Week at a glance
- The total trading volume on China’s national Carbon Emissions Allowance (CEA) market nearly doubled from the previous week, hitting a record of 14,168,886 tons, with block trades accounting for 79.0% of the total volume. Open market transaction prices closed slightly up at 42.94 yuan/ton ($6.73/ton). The total volume-weighted average for the week was down by 1.9% to 41.47 yuan/ton ($6.50/ton).
- The total weekly volume of the China certified emission reductions (CCER) markets surged by 123% from the previous week to a 2021 high of 21,501,020 tons, propelled by record volumes in the Shanghai, Tianjin, and Beijing markets. Shanghai saw a weekly average price increase of 37.4% to 36.77 yuan/ton ($5.77/ton), hitting its highest since this newsletter began calculating its offline trade prices in August.

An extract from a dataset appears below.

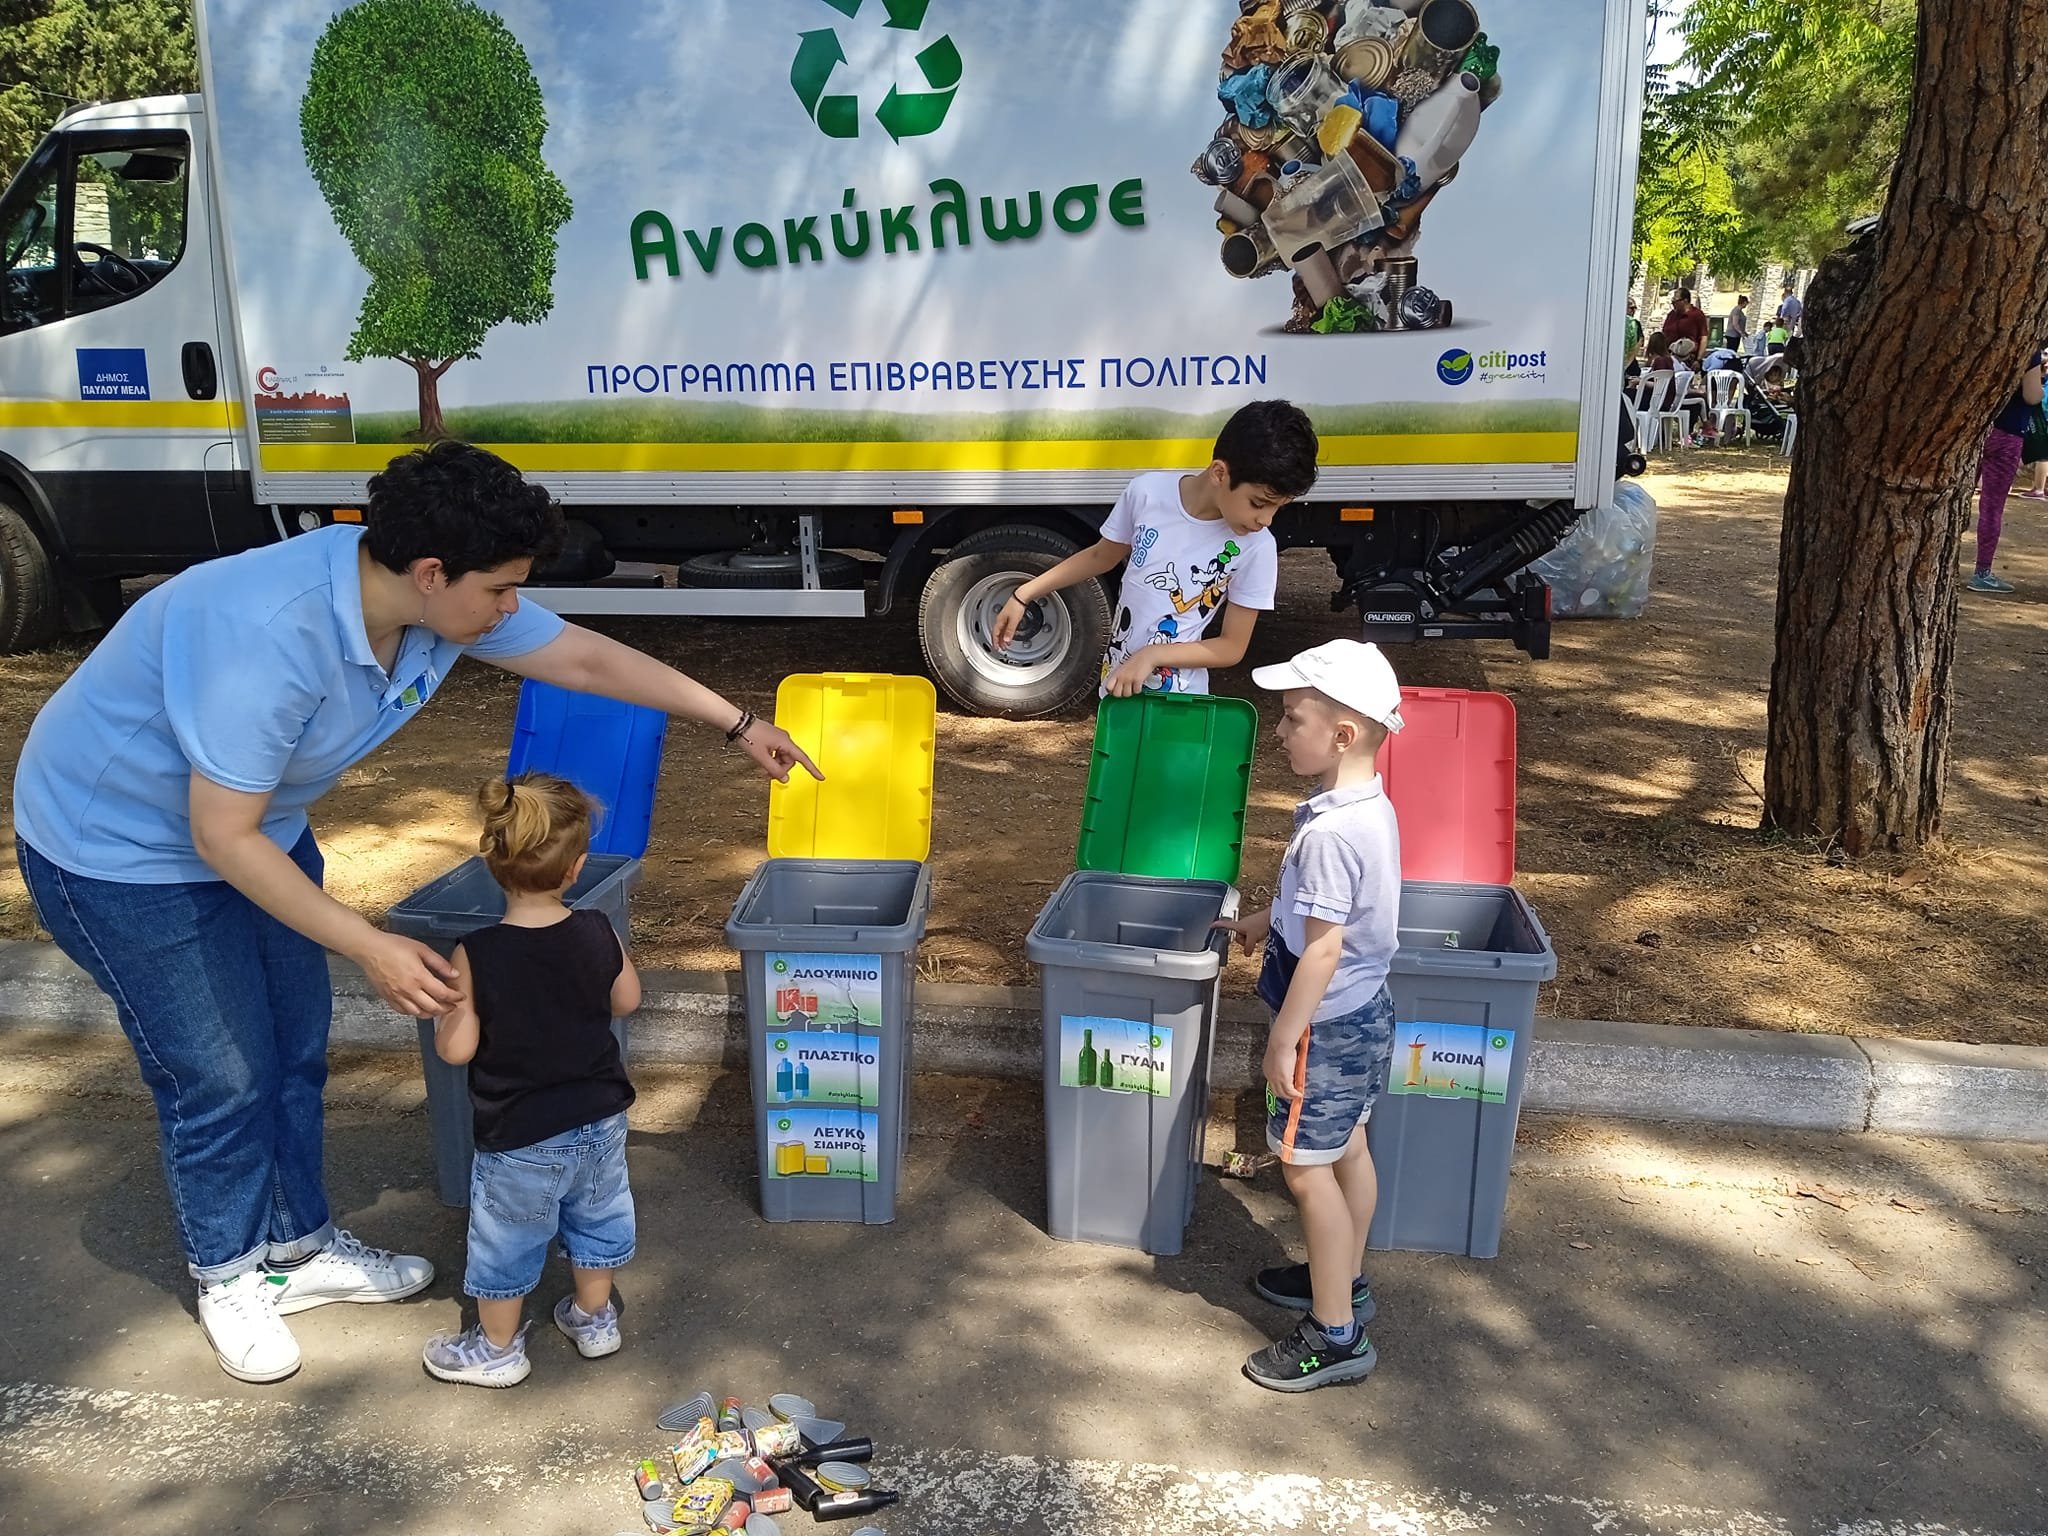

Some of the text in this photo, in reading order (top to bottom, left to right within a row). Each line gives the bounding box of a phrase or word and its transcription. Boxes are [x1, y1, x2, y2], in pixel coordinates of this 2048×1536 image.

- The Ministry of Ecology and Environment stated in a press conference on November 25 that the draft Regulation for the Management of Carbon Emissions Trading is currently under review and scheduled to be issued by the end of the year, which will elevate the rules governing the national CEA market to the status of national law, facilitating more detailed rulemaking and more effective enforcement.
- ZHANG Xiliang, a key architect of China’s national CEA market, stated in a public forum that he sees three key new developments for the market in 2022—a stricter baseline for allowance distribution, the introduction of auctions to allowance allocation, and the introduction of third-party investment institutions to the market.